[Input Boundary: Start]

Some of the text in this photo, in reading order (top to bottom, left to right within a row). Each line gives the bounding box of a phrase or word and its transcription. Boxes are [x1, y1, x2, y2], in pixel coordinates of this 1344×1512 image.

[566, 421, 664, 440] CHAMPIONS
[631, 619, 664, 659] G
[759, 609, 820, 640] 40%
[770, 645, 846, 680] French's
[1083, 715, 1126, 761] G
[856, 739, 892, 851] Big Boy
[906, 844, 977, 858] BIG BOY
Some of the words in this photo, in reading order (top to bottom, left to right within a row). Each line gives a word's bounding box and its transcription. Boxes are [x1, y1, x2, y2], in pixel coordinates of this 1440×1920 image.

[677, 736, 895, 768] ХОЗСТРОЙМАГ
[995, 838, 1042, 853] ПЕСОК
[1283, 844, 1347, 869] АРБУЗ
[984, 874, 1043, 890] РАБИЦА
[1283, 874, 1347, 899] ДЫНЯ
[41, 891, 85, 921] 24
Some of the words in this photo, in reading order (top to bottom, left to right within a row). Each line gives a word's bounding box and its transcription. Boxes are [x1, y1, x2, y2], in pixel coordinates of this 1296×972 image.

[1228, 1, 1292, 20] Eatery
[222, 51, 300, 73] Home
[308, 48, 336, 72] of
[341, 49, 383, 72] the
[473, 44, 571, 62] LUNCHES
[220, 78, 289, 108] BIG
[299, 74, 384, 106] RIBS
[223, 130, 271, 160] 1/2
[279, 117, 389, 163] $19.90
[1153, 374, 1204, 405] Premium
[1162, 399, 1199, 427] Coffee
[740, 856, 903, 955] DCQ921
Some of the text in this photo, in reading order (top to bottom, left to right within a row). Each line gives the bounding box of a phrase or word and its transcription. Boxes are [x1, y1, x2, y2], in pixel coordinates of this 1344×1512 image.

[Input Boundary: End]

*Your instructions*.
Repeat each record above precisely as written.

*Solved exercise*.
Some of the text in this photo, in reading order (top to bottom, left to right within a row). Each line gives the bounding box of a phrase or word and its transcription. Boxes are [x1, y1, x2, y2], in pixel coordinates of this 1344×1512 image.

[566, 421, 664, 440] CHAMPIONS
[631, 619, 664, 659] G
[759, 609, 820, 640] 40%
[770, 645, 846, 680] French's
[1083, 715, 1126, 761] G
[856, 739, 892, 851] Big Boy
[906, 844, 977, 858] BIG BOY
Some of the words in this photo, in reading order (top to bottom, left to right within a row). Each line gives a word's bounding box and its transcription. Boxes are [x1, y1, x2, y2], in pixel coordinates of this 1440×1920 image.

[677, 736, 895, 768] ХОЗСТРОЙМАГ
[995, 838, 1042, 853] ПЕСОК
[1283, 844, 1347, 869] АРБУЗ
[984, 874, 1043, 890] РАБИЦА
[1283, 874, 1347, 899] ДЫНЯ
[41, 891, 85, 921] 24
Some of the words in this photo, in reading order (top to bottom, left to right within a row). Each line gives a word's bounding box and its transcription. Boxes are [x1, y1, x2, y2], in pixel coordinates of this 1296×972 image.

[1228, 1, 1292, 20] Eatery
[222, 51, 300, 73] Home
[308, 48, 336, 72] of
[341, 49, 383, 72] the
[473, 44, 571, 62] LUNCHES
[220, 78, 289, 108] BIG
[299, 74, 384, 106] RIBS
[223, 130, 271, 160] 1/2
[279, 117, 389, 163] $19.90
[1153, 374, 1204, 405] Premium
[1162, 399, 1199, 427] Coffee
[740, 856, 903, 955] DCQ921
Some of the text in this photo, in reading order (top to bottom, left to right within a row). Each line gives the bounding box of a phrase or word and its transcription. Boxes are [x1, y1, x2, y2], in pixel coordinates of this 1344×1512 image.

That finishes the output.